Re: Why can't a Swift method directly access a static member?
Re: Why can't a Swift method directly access a static member?
- Subject: Re: Why can't a Swift method directly access a static member?
- From: Quincey Morris <email@hidden>
- Date: Wed, 25 Nov 2015 01:04:18 -0800
- Feedback-id: 167118m:167118agrif8a:167118slcVnw8eKG:SMTPCORP
On Nov 25, 2015, at 00:34 , Rick Mann <email@hidden> wrote:
>
> It seems rather lame that a Swift instance method can't access a static member without prefixing it with the class. Why is this? This is something C++ and Java do just fine.
In a technical sense, the reason is probably that Swift allows class/static and instance members to have the same name, presumably because it has to support Obj-C methods, where the same thing can happen.

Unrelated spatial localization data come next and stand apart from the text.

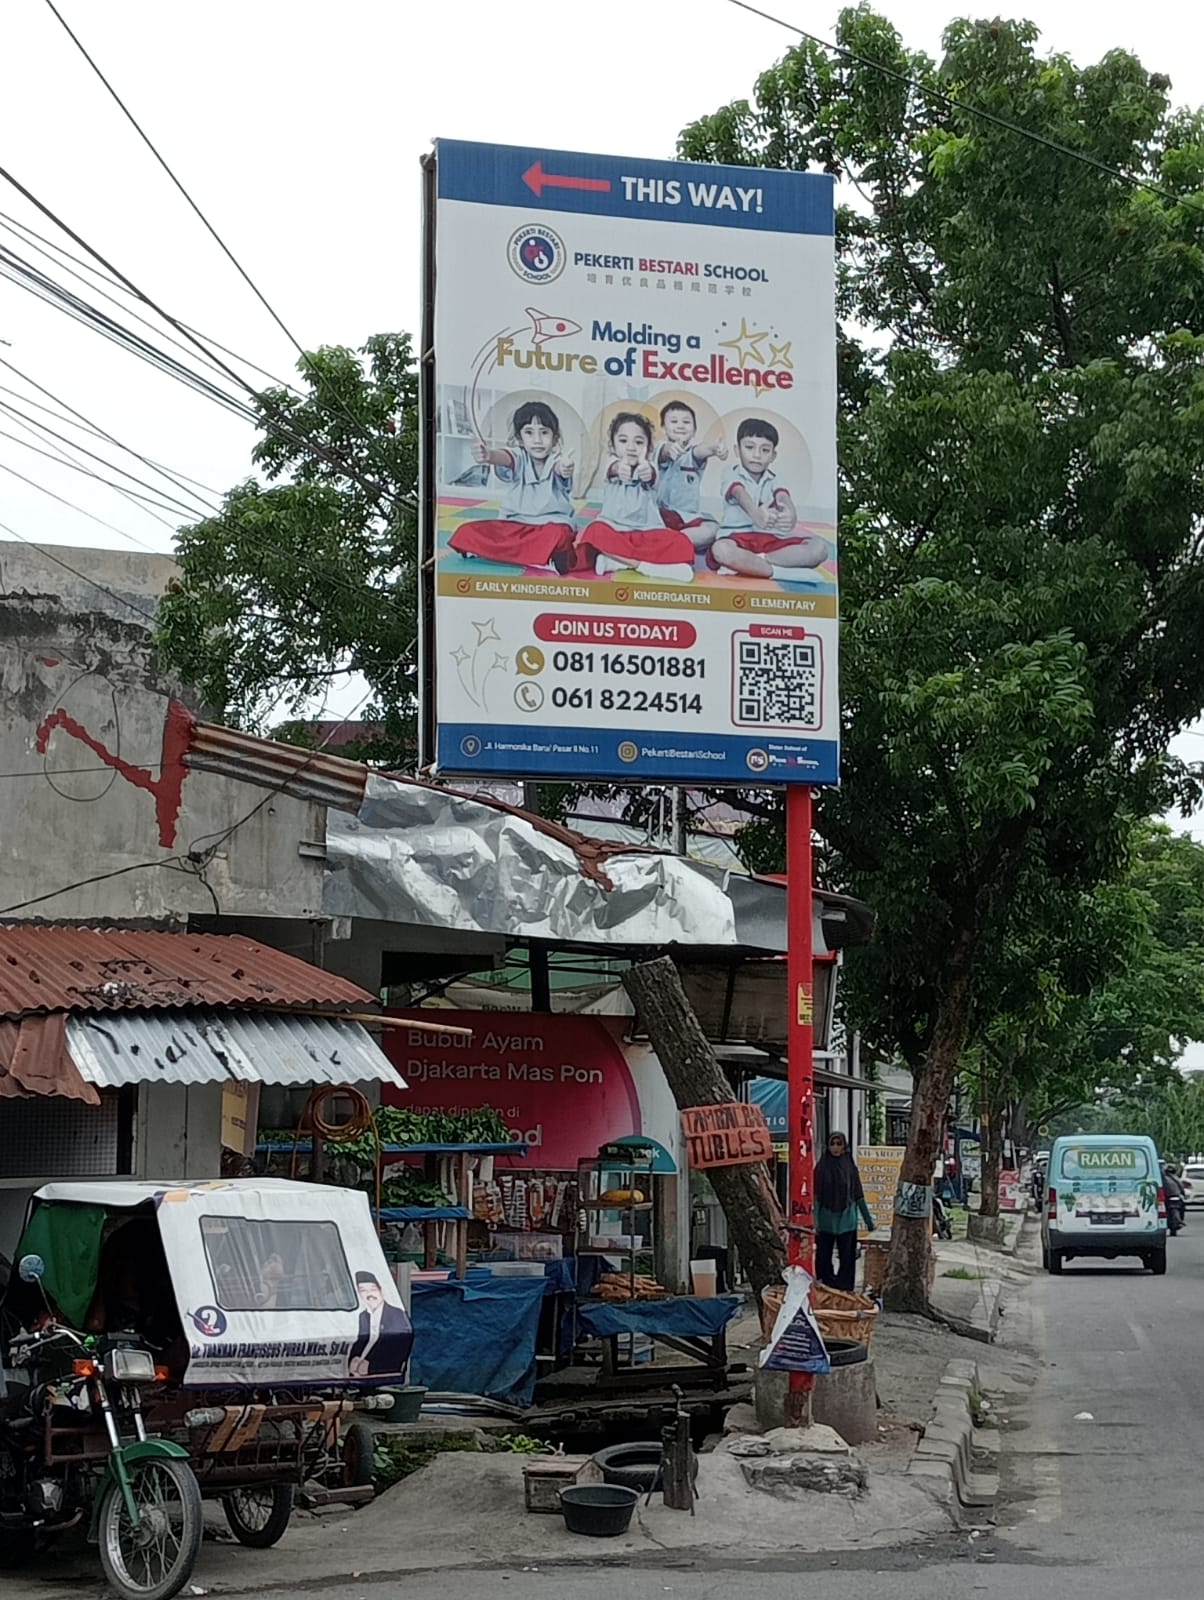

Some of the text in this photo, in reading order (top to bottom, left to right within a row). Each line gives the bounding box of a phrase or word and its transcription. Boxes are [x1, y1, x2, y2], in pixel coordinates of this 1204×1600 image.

[620, 176, 764, 213] THIS WAY!
[574, 251, 769, 283] PEKERTI BESTARI SCHOOL
[591, 320, 701, 353] Molding a
[497, 336, 794, 389] Future of Excellence
[475, 581, 589, 597] EARLY KINDERGARTEN
[633, 590, 711, 605] KINDERGARTEN
[750, 597, 816, 611] ELEMENTARY
[551, 619, 678, 641] JOIN US TODAY!
[552, 650, 705, 679] 081 16501881
[551, 686, 703, 714] 061 8224514
[408, 1030, 544, 1054] Bubur Ayam
[407, 1059, 603, 1083] Djakarta Mas Pon
[507, 1107, 520, 1119] di
[1081, 1153, 1131, 1166] RAKAN
[201, 1309, 220, 1333] 2

That means there’s a danger of ambiguity, and it was probably decided that the clunkier disambiguation would lead to fewer programmer errors.

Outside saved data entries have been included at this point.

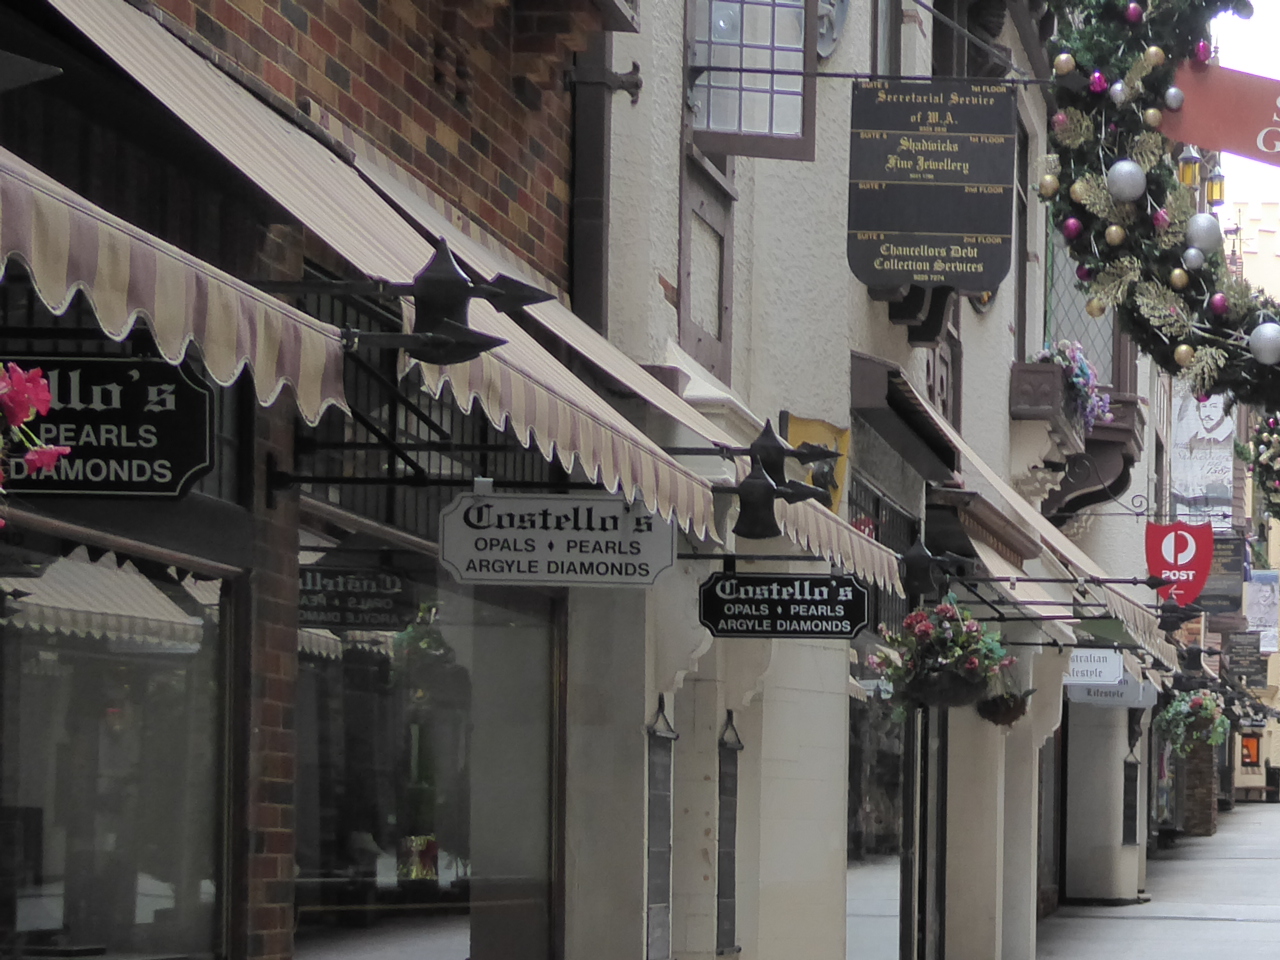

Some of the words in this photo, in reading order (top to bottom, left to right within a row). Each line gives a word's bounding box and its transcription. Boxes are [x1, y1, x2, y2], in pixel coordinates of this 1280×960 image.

[876, 89, 944, 104] Secretarial
[948, 92, 995, 105] Service
[982, 85, 1006, 93] FLOOR
[910, 112, 922, 123] of
[897, 136, 959, 153] Shadwicks
[885, 155, 913, 172] Fine
[916, 156, 969, 175] Jewellery
[880, 243, 947, 257] Chancellors
[950, 245, 978, 258] Debt
[873, 258, 930, 271] Collection
[933, 260, 984, 273] Services
[39, 423, 158, 448] PEARLS
[9, 457, 173, 483] DAMONDS
[463, 501, 654, 533] Costello's
[474, 537, 536, 552] OPALS
[566, 539, 642, 556] PEARLS
[465, 558, 539, 575] ARGYLE
[546, 560, 650, 577] DIAMONDS
[1161, 570, 1196, 580] POST
[715, 579, 853, 601] Costello's
[724, 603, 769, 616] OPALS
[790, 604, 845, 617] PEARLS
[717, 619, 772, 632] ARGYLE
[776, 619, 851, 632] DIAMONDS
[1086, 688, 1125, 698] Lifestyle

Pragmatically, I agree it’s lame. It makes references to static member incredibly long, and I hate when my lines wrap. :(
I suppose, if it drives you crazy, you can write an instance method with the same name, which invokes the static method. If you mark it with the ‘final’ attribute, the compiler should inline it, causing no overhead.
_______________________________________________
Cocoa-dev mailing list (email@hidden)
Please do not post admin requests or moderator comments to the list.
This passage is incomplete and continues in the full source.